The role of natural products in revealing NRF2 function

Abstract

Covering: up to 2020The transcription factor NRF2 is one of the body's major defense mechanisms, driving transcription of >300 antioxidant response element (ARE)-regulated genes that are involved in many critical cellular processes including redox regulation, proteostasis, xenobiotic detoxification, and primary metabolism. The transcription factor NRF2 and natural products have an intimately entwined history, as the discovery of NRF2 and much of its rich biology were revealed using natural products both intentionally and unintentionally. In addition, in the last decade a more sinister aspect of NRF2 biology has been revealed. NRF2 is normally present at very low cellular levels and only activated when needed, however, it has been recently revealed that chronic, high levels of NRF2 can lead to diseases such as diabetes and cancer, and may play a role in other diseases.

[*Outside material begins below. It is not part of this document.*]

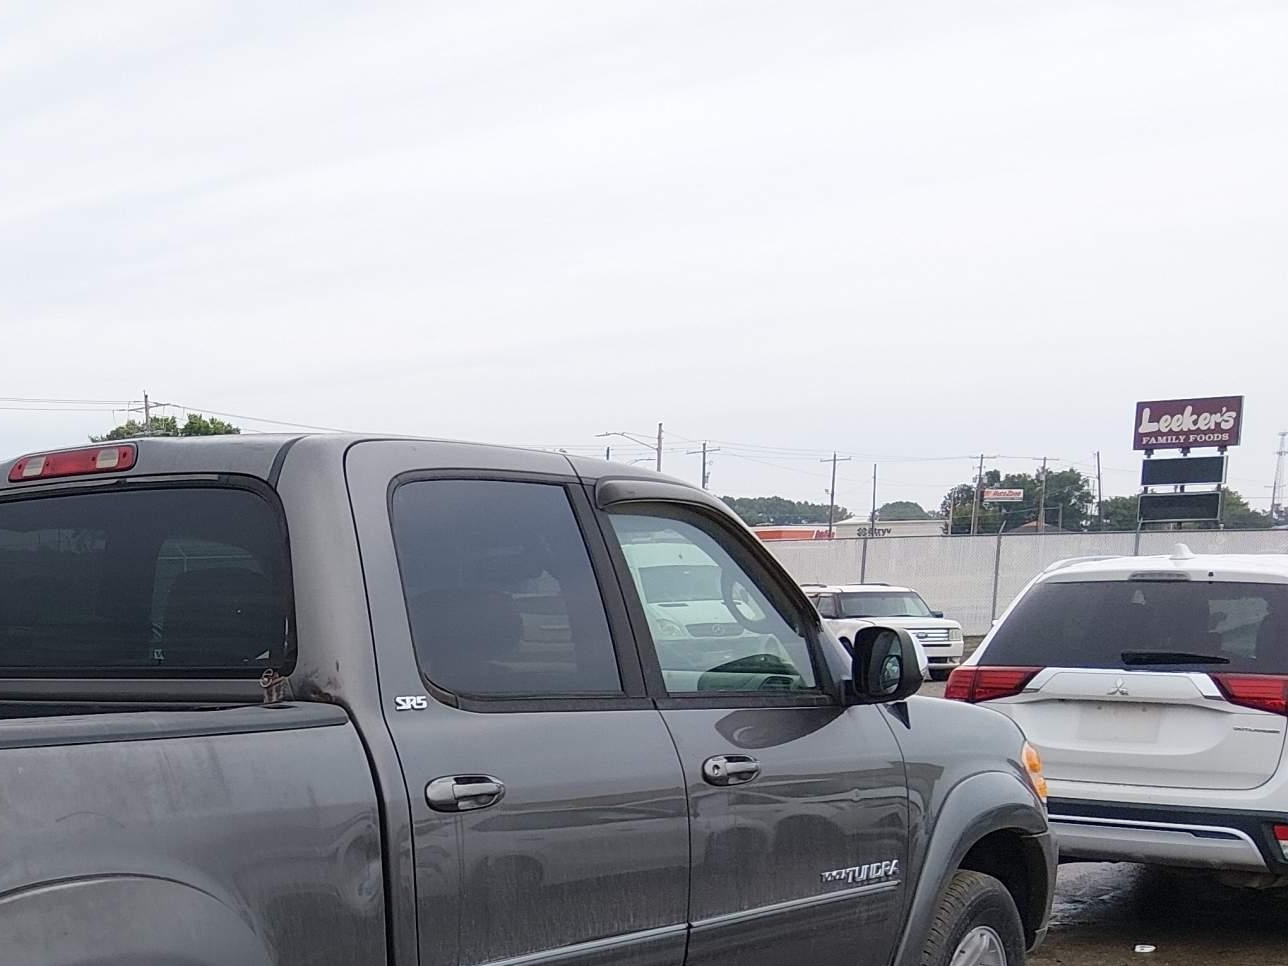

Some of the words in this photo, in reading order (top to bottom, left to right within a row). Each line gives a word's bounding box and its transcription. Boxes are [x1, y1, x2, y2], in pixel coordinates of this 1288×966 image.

[1138, 405, 1237, 433] Leeker's
[1142, 434, 1187, 445] FAMILY
[1188, 433, 1230, 443] FOODS
[395, 695, 428, 710] SR5

Again, this "dark side" of NRF2 was revealed and studied largely using a natural product, the quassinoid, brusatol. In the present review, we provide an overview of NRF2 structure and function to orient the general reader, we will discuss the history of NRF2 and NRF2-activating compounds and the biology these have revealed, and we will delve into the dark side of NRF2 and contemporary issues related to the dark side biology and the role of natural products in dissecting this biology.

Figure 1.. The NRF2 field is growing rapidly.

The graph shown lists the number of publications in pubmed by year.

Figure 2.. The canonical NRF2 pathway.

NRF2 is sequestered by the CUL3-RBX1 E3 ubiquitin ligase complex through the KEAP1 adapter protein, which binds the ETGE and DLG motifs of NRF2 in a 2:1 KEAP1:NRF2 ratio. A) Under basal, unstressed conditions, the CUL3 complex ubiquitylates NRF2 at one of the seven lysines residing between the ETGE and DLG motifs. B) Ubiquitylated NRF2 is then extracted from the CUL3 complex through the action of p97-UFD1-NPL4 mediated by UBXN7. C) Ubiquitylated NRF2 is transferred to the 26S proteasome, where it is destroyed. D) When cells are challenged with an oxidative or xenobiotic insult, one of the sensor cysteines of KEAP1 can become modified, which causes a structural rearrangement, releasing the DLG motif, and stopping subsequent ubiquitylation. Please see the text for alternate explanations and other models. E) The inhibited CUL3 complex blocks further NRF2 degradation, allowing NRF2 levels to rise in the cytosol. F) They then translocate to the nucleus, where they can bind to sMAF proteins and initiate ARE-regulated transcriptional programs.

Figure 3.. NRF2 domain architecture and structure.

A) NRF2 is comprised of seven domains termed Neh1–7 that have been defined according to biological function and homology to other protein domains. The numbering shown in the figure is for the human protein. Defined biological function of each of the domains is shown above the given domain and explained in greater detail in the text. B) The only structure of an unliganded domain of NRF2 is the NMR structure of the Neh1 domain shown (PDB ID 2LZ1). C) A crystal structure of the CNC bZip transcription factor MAFA as a potential model for the NRF2 Neh1 domain when bound to an obligate DNA-binding partner (PDB ID 4EOT). The high homology between bZip transcription factors argue this is a likely model for NRF2 in the active form, but to date, no structure has been solved.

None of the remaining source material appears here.